The reactive form of the oxygen is identified in physics as singlet oxygen (1O2). In this O2 molecule, the position of the electrons in relationship to one another is changed. From two unpaired electrons with parallel spin come paired electrons with anti-parallel spin.

Energy production

Singlet oxygen has been present for millions of years in nature as an escharotic form and is constantly formed by the body itself in order to facilitate metabolism and signal transmission. The constant activation of oxygen, so that it can be transported and “burnt“ consumes energy. In the course of our life, the ability of our cells to produce sufficient energy (ATP-adenosine triphosphate). declines due to illness and stress. The “unclean combustion” with ever-diminishing ATP production and increased oxygen radical production leads to further damaging of the cell structures and accelerated aging of cells.  If sufficient energy is no longer being produced, less oxygen can thus be activated, which, in turn, results in even less ATP.  Energy in the form of the energy storage molecule, adenosine triphosphate (ATP) is produced within the cells in the “miniature power stations”, the mitochondria.

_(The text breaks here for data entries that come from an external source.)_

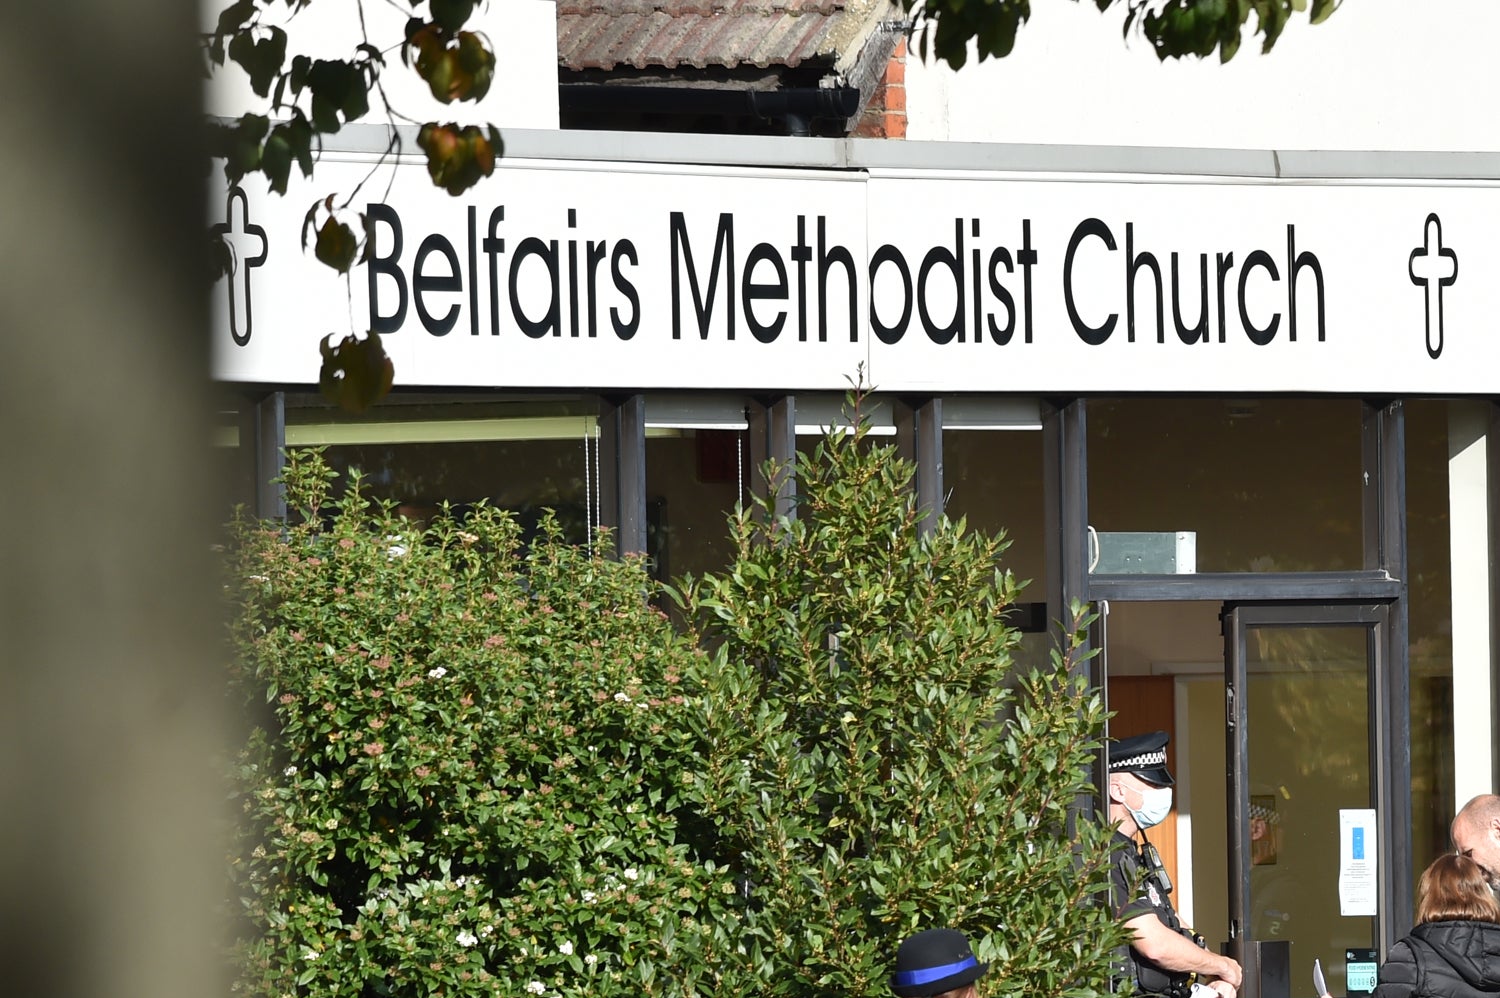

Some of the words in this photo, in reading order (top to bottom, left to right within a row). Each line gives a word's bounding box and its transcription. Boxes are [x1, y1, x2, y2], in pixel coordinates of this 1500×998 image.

[366, 202, 641, 342] Belfairs
[670, 211, 1038, 347] Methodist
[1063, 217, 1327, 347] Church
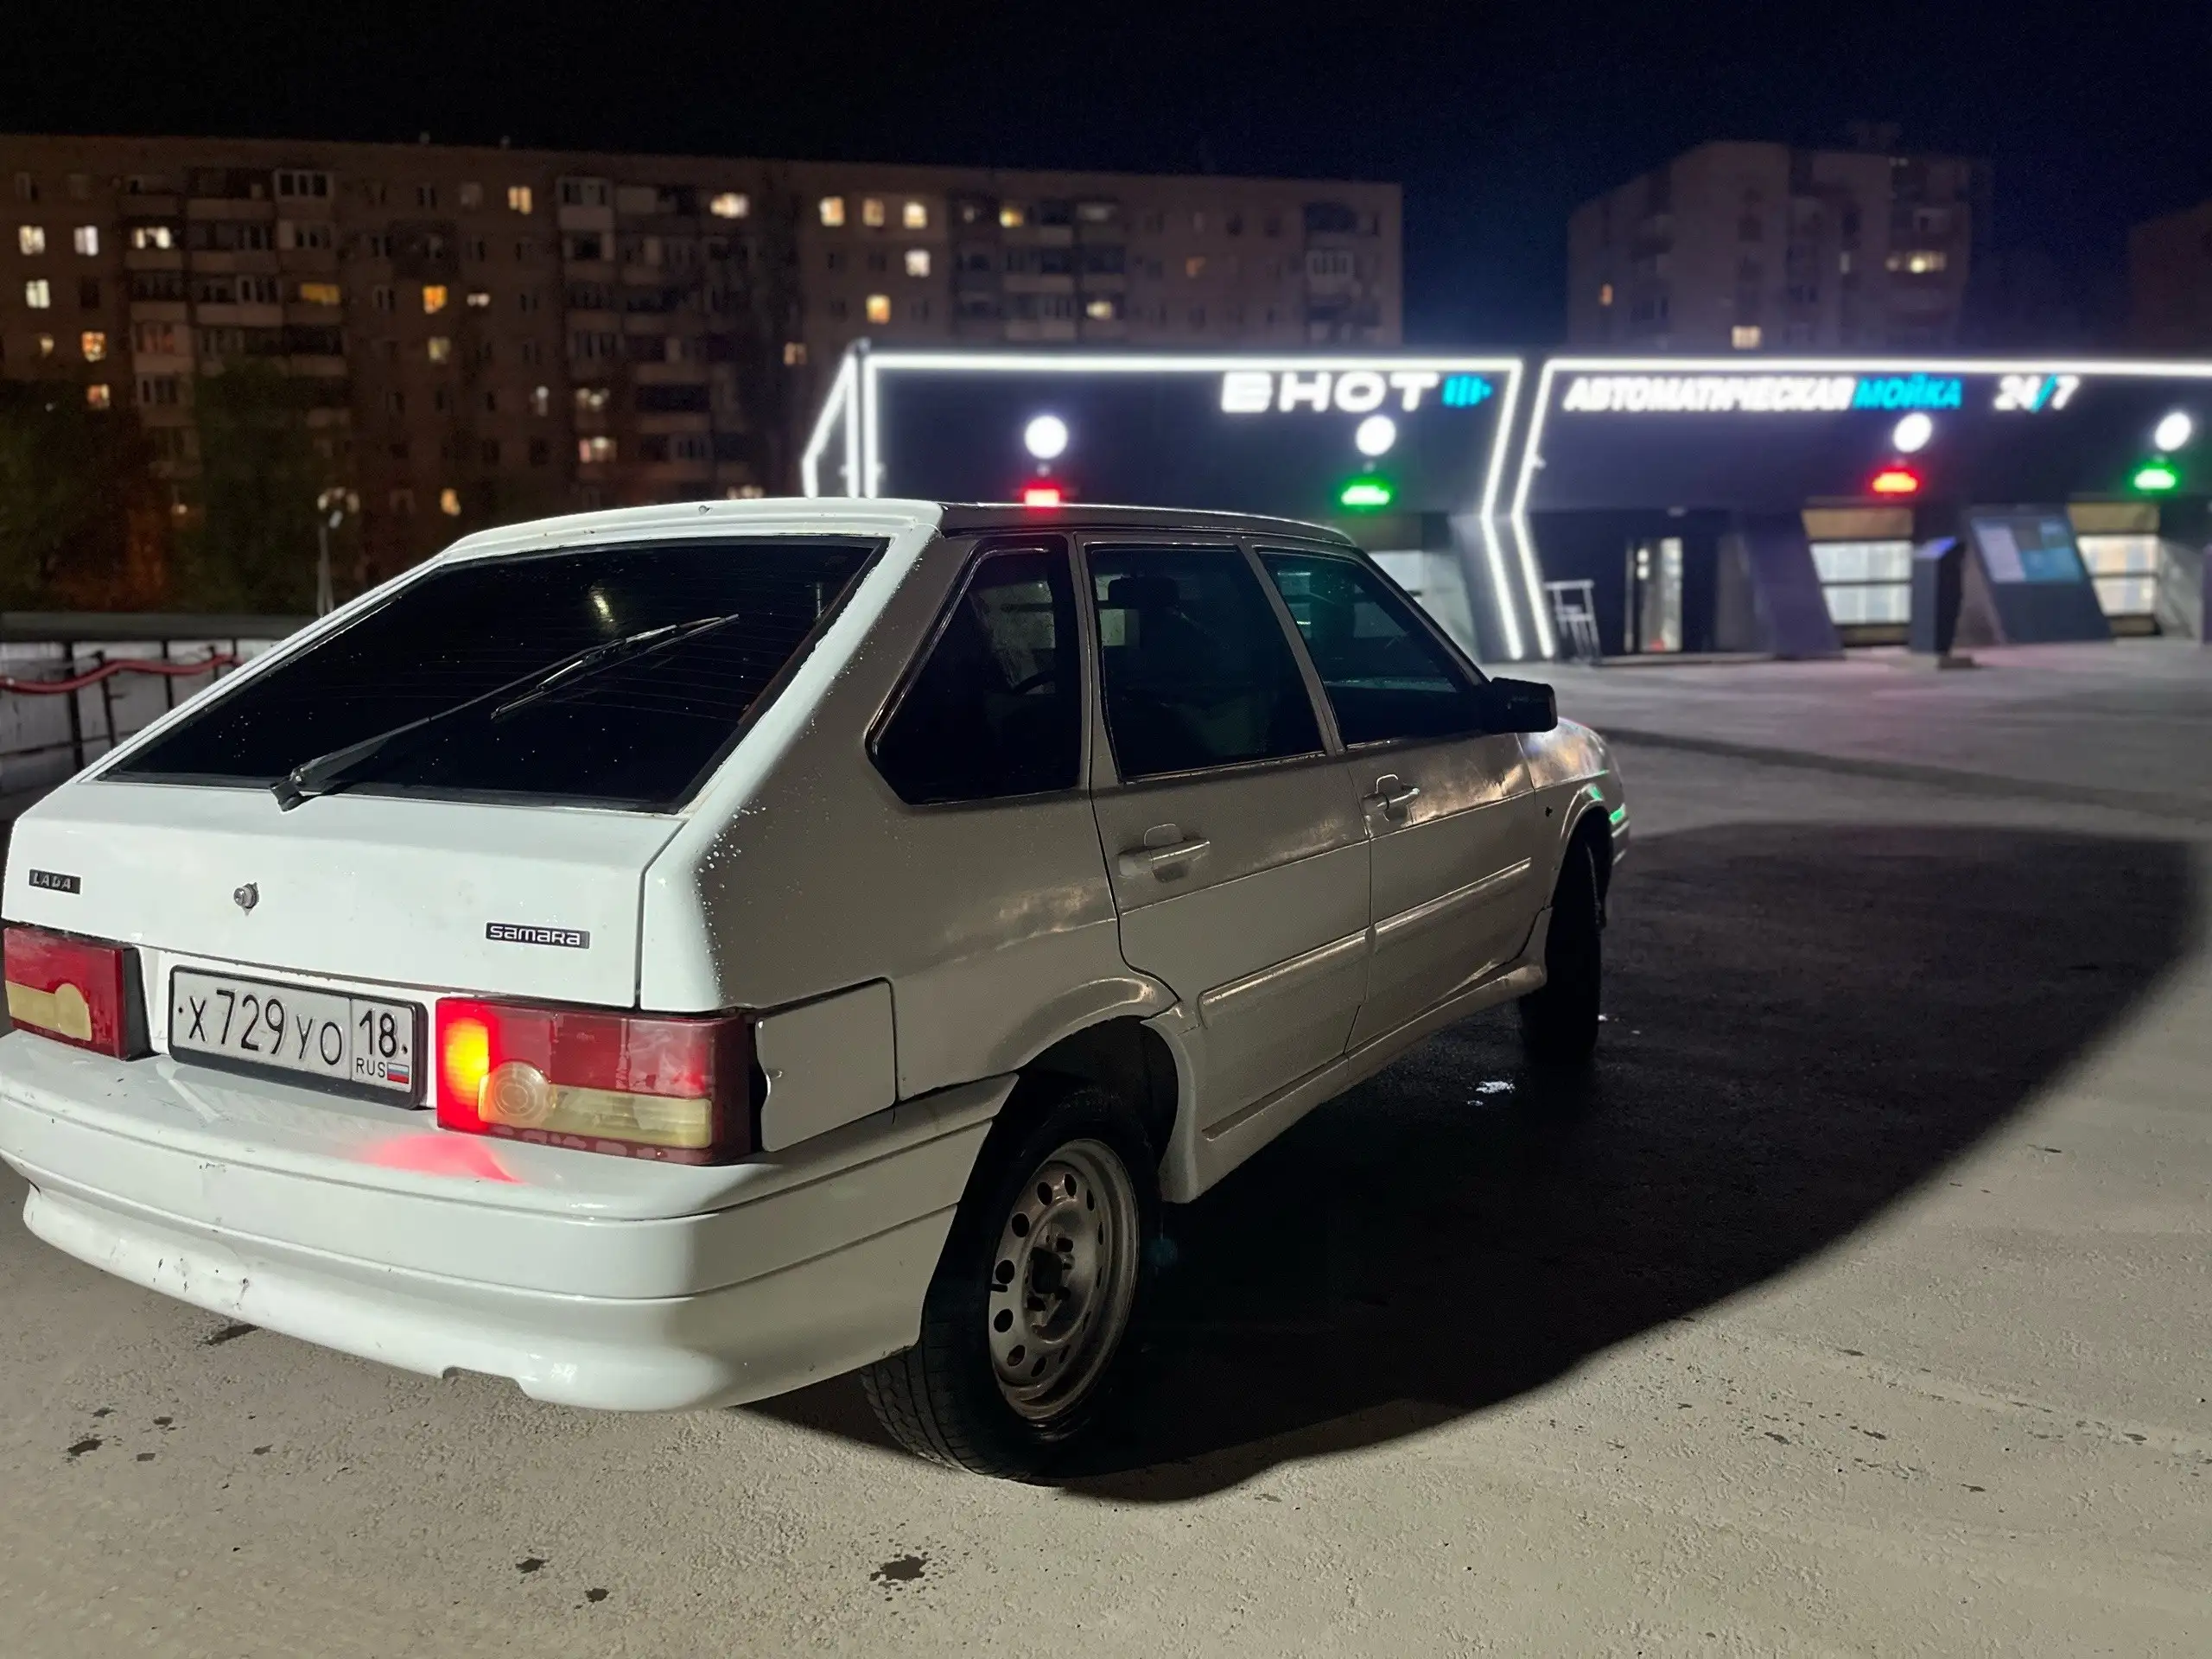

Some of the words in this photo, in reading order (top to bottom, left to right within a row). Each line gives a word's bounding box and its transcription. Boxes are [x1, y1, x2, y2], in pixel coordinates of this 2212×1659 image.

[1853, 372, 1961, 409] МОЙКА
[1993, 373, 2080, 412] 24/7
[33, 872, 71, 889] LADA
[359, 1008, 397, 1058] 18
[356, 1058, 386, 1077] RUS
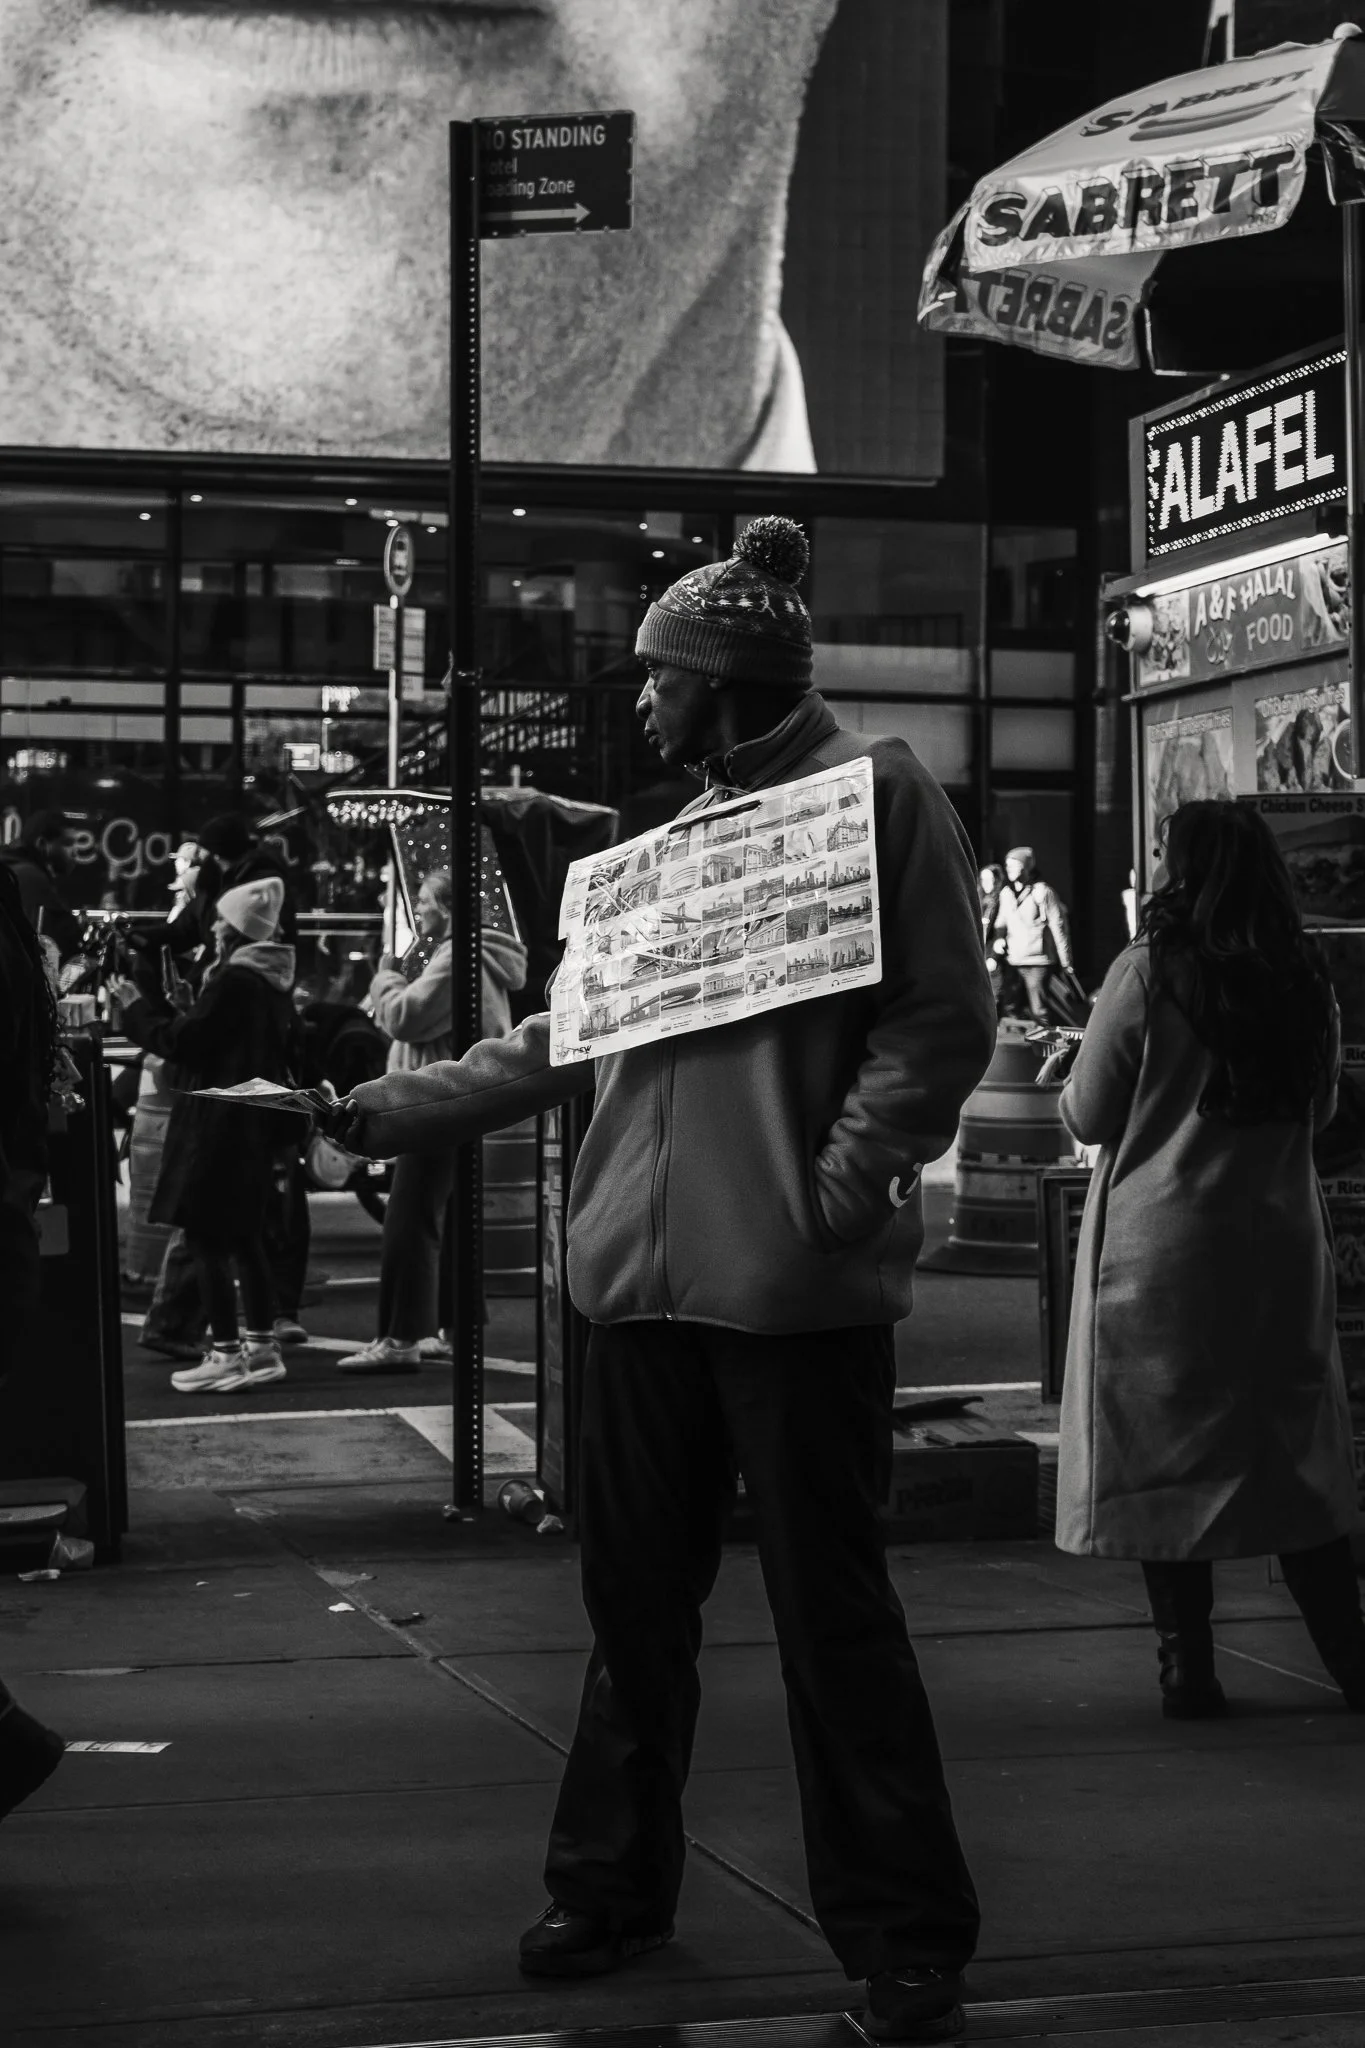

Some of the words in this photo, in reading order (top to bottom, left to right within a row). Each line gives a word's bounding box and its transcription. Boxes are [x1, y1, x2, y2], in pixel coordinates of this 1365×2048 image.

Vital Water® technology copies natural processes

The energy transfer is achieved by the stimulation of stable, photo-sensitive catalysts (a natural model is: plant pigment (chlorophyll, for example) by means of a specific light wave length. The singlet oxygen’s relaxation energy which is constantly released by this fluorescence / chemiluminiscence process is carried further by the water molecules of the air humidity.

What is relaxation energy?

It is the energy released (photons = light) when singlet oxygen returns to its ground state (triplet oxygen).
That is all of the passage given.